Yet that idea brings us full circle back to the notion that perhaps love is definable. Maybe it's the feeling you have when you relate to a person in a particular way. Or maybe it's the relation. Unfortunately, the questions remain. Do I love someone if I only physically love him or her? How many prostitutes love 15-20 different men each night? Can I emotionally love someone without ever seeing him or her? Well, so say those who idolize such Hollywood icons Elvis, Madonna, Tom Cruise, Claudia Schifford, and so on. Can I love someone while I'm in love with someone else, and yet physically loving a third person? Can I love someone and yet still despise his actions? Can I desire never to be around someone and yet still feel love for her? How many people can I love at the same time? Do I have to love one person more than I do another, and if so, how do I rank the different types of love? Or is there not a difference between the way I love my mom and my wife, my child and my brother, my best friend and God Himself?

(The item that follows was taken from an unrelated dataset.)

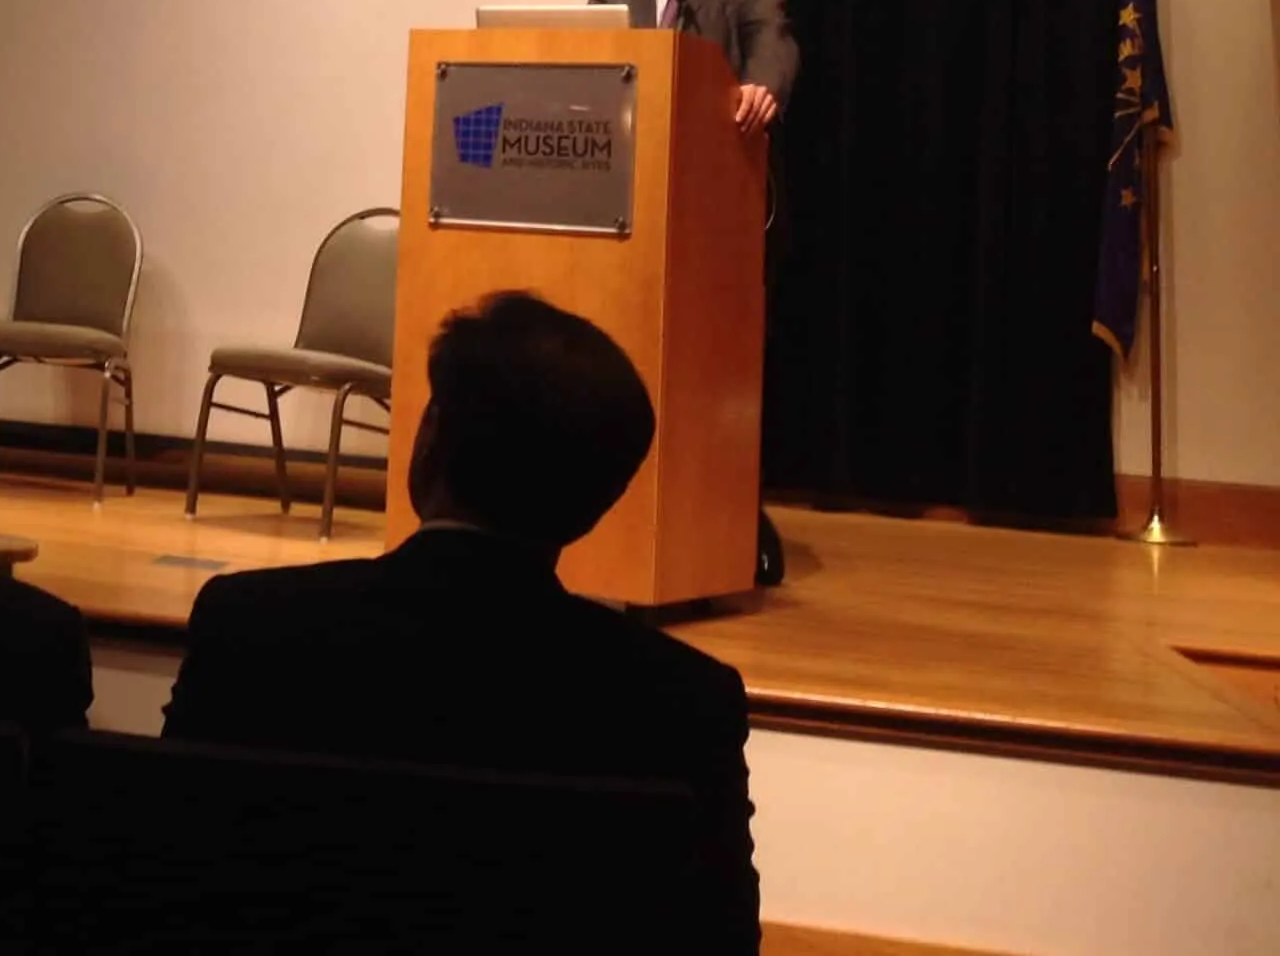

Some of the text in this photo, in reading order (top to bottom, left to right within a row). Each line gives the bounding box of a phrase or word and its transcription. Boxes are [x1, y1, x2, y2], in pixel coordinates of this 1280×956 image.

[503, 119, 612, 135] INDIANA STATE
[501, 135, 612, 159] MUSEUM

Half of the love songs written discuss how a person would go to the ends of the earth and beyond for the one he or she loves and the other half talk about the loss of such love and the attempt to cope without it. People get married on the sole basis of the fact that they are looking for someone to fill the void that is all that remains of a broken relationship. Marriages, families, self-respect, kingdoms, all have fallen due to the feelings one individual has for someone to whom he or she is not married. In the 1960's a social revolution of epic proportions was brought about not necessarily because people hated war, but because they loved "love". People have committed suicide, because they felt they were not loved or that love was hopeless, and they have escaped depression and insanity because someone else expressed love for them. Misunderstandings abound in relation to the idea of love, because what one person feels that it is is completely different from the views of another person. Even in myself I have tried to define what I view as love, and then find myself continually re-evaluating those views. How can I understand how someone else views love when I hardly know my own opinion on the subject?

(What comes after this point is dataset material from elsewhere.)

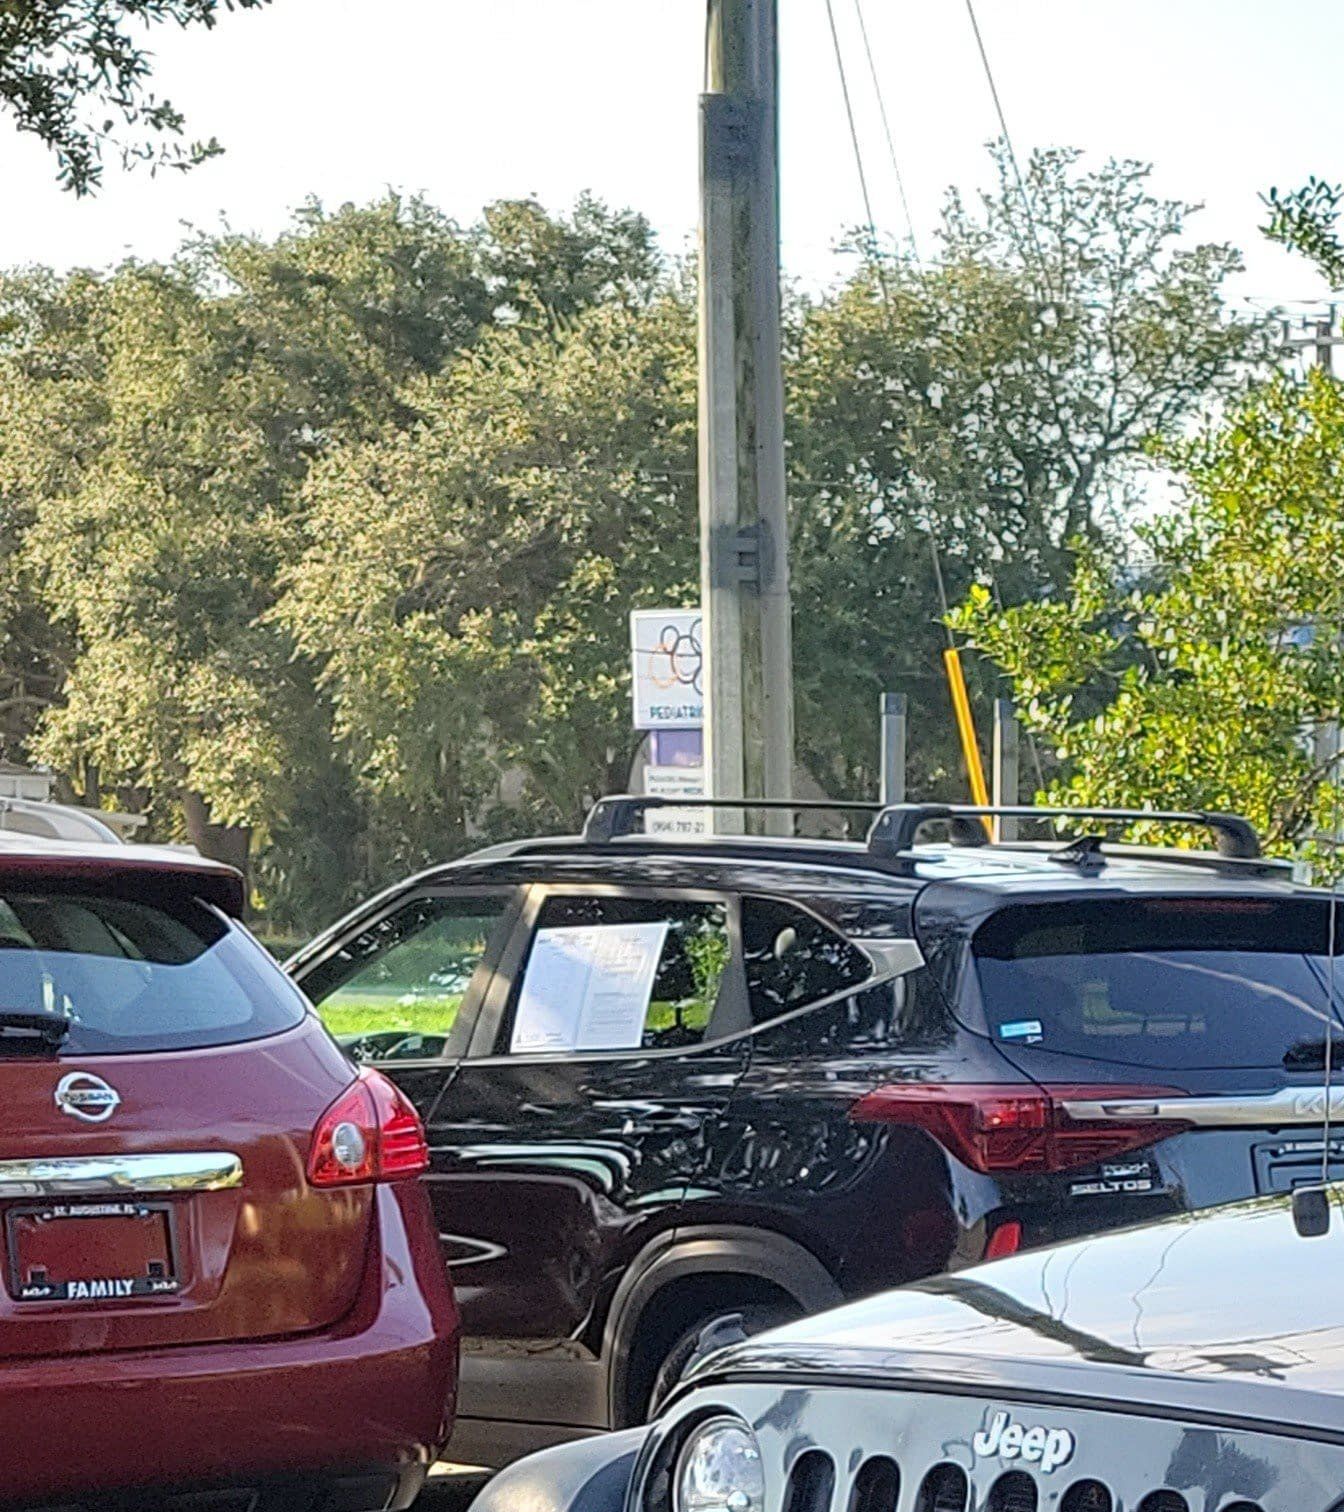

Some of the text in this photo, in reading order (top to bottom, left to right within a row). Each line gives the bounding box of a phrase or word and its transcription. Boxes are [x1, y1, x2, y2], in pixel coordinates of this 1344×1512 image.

[1071, 1180, 1152, 1196] SELTOS
[67, 1279, 135, 1299] FAMILY
[973, 1411, 1075, 1475] Jeep

I feel completely comfortable saying, "I love everybody", yet I have great difficulty telling one person that I love her. I have found differing levels of intensity of love, and I consider some people as holding more of my heart than others, yet do I truly love someone with whom I have not had any contact for years? Can I love someone who has died? Do I not love someone if I wouldn't cry at his funeral? Can't I love a woman who is married just as much as I love a woman who is not married?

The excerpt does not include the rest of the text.